Deborah Price: There are a few reasons so I’ll list them.
a) Like underdogs Leicester City fighting to win the Premiership, I worked my absolute arse off to set up british-boxers.com. It’s been three years of blood, sweat and tears and I’ve finally sent our first order into Harrods.
I’ve financed the whole business by selling the products at artisan markets across Cheshire and Staffordshire. I’ve fought for British design and manufacturing and I’ve controlled my time so I could be there for my disabled kid too. I’ve had no corporate finance, no rich dad and no leg-ups. Just great family and friends and hard, hard work.
b) We make our British Boxers in the Midlands.
c) We have the right shade of blue and it’s ace.
d) My great, great, great grandfather was the first world heavyweight boxing champion Jem Mace – a massive British sporting icon from Victorian times.
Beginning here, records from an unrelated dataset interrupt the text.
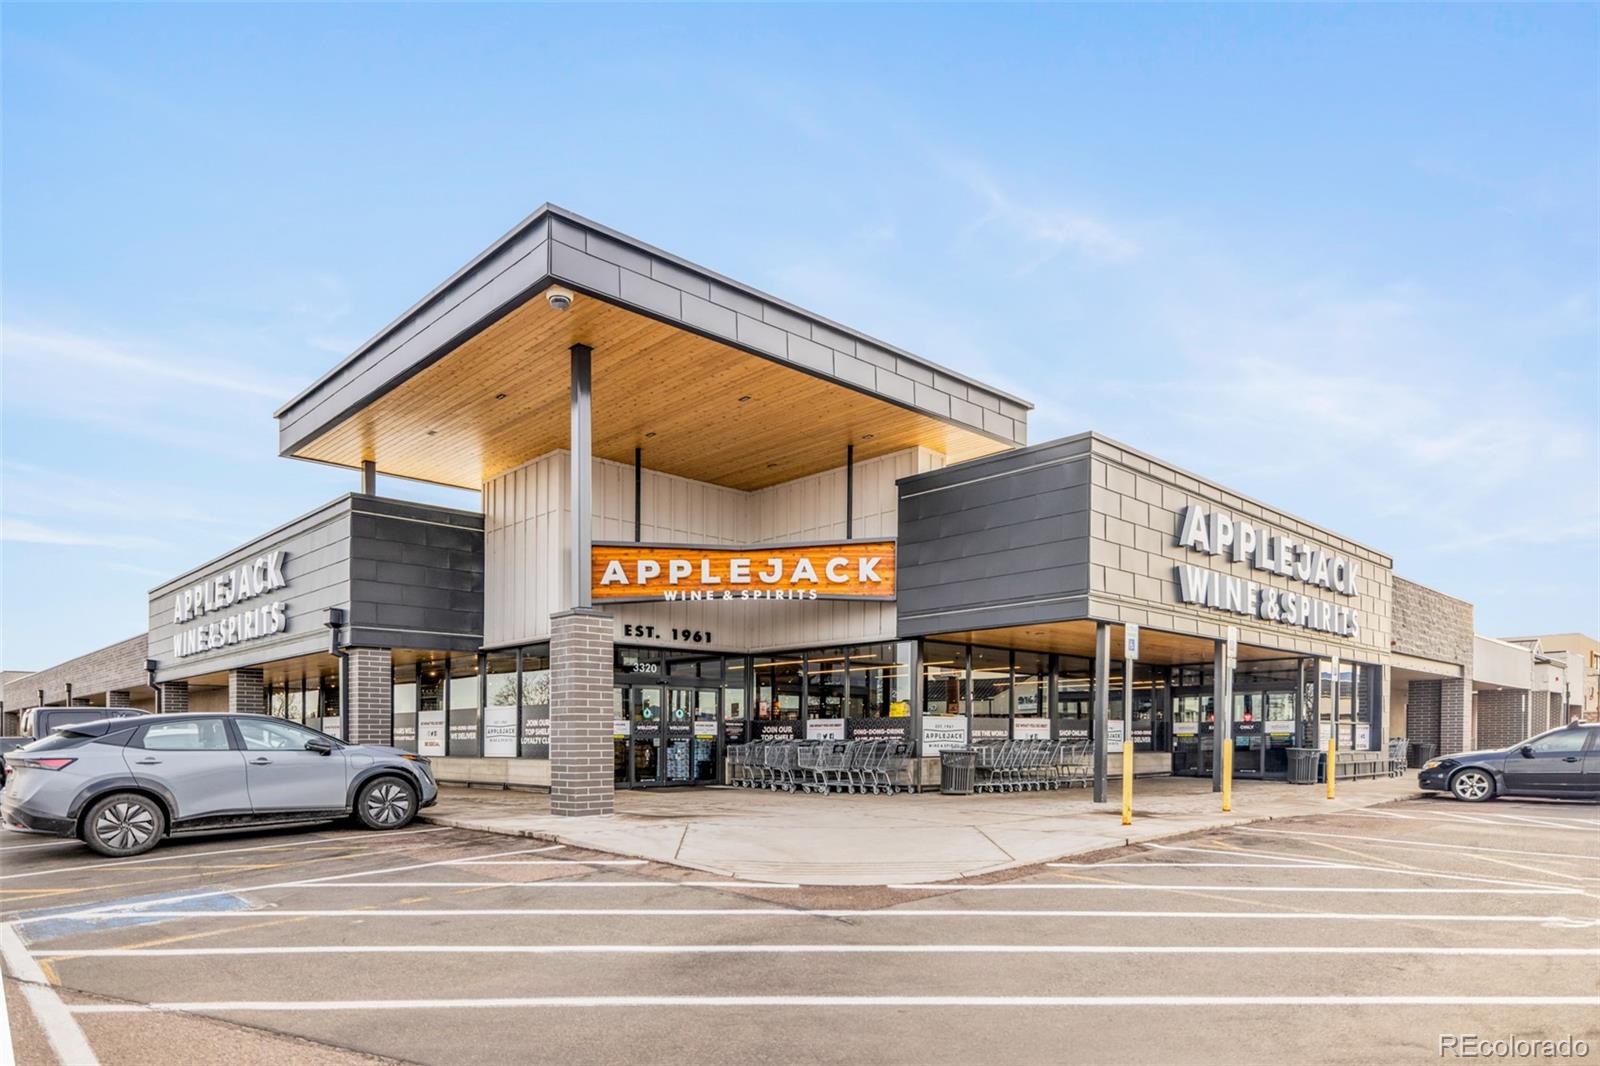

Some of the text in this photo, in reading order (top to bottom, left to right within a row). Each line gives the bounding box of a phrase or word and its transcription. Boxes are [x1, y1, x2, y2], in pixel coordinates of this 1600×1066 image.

[1178, 504, 1360, 596] APPLEJACK
[600, 557, 882, 585] APPLEJACK
[174, 550, 287, 624] APPLEJACK
[663, 588, 818, 601] WINE & SPIRITS
[1177, 563, 1259, 615] WINE
[624, 624, 712, 643] EST. 1961
[633, 662, 658, 673] 3320
[778, 726, 793, 734] OUR
e) My husband was born and brought up in Leicester. He’s a director of the business and a huge Leicester fan.
f) Gary Lineker in my pants.
g) Also, and this is a little thing, but you know I said my kid was disabled, well she has a condition called Williams Syndrome and it’s dead rare. Recently Gary Lineker was tweeting about it to raise awareness.
“If I was talking to me sobbing on the floor of my hallway when I received the letter saying my kid would need lifelong care, after I’d given me a hug and poured me a gin, I’d have told me that my life was going to be hard, but that nothing was worse than this moment.”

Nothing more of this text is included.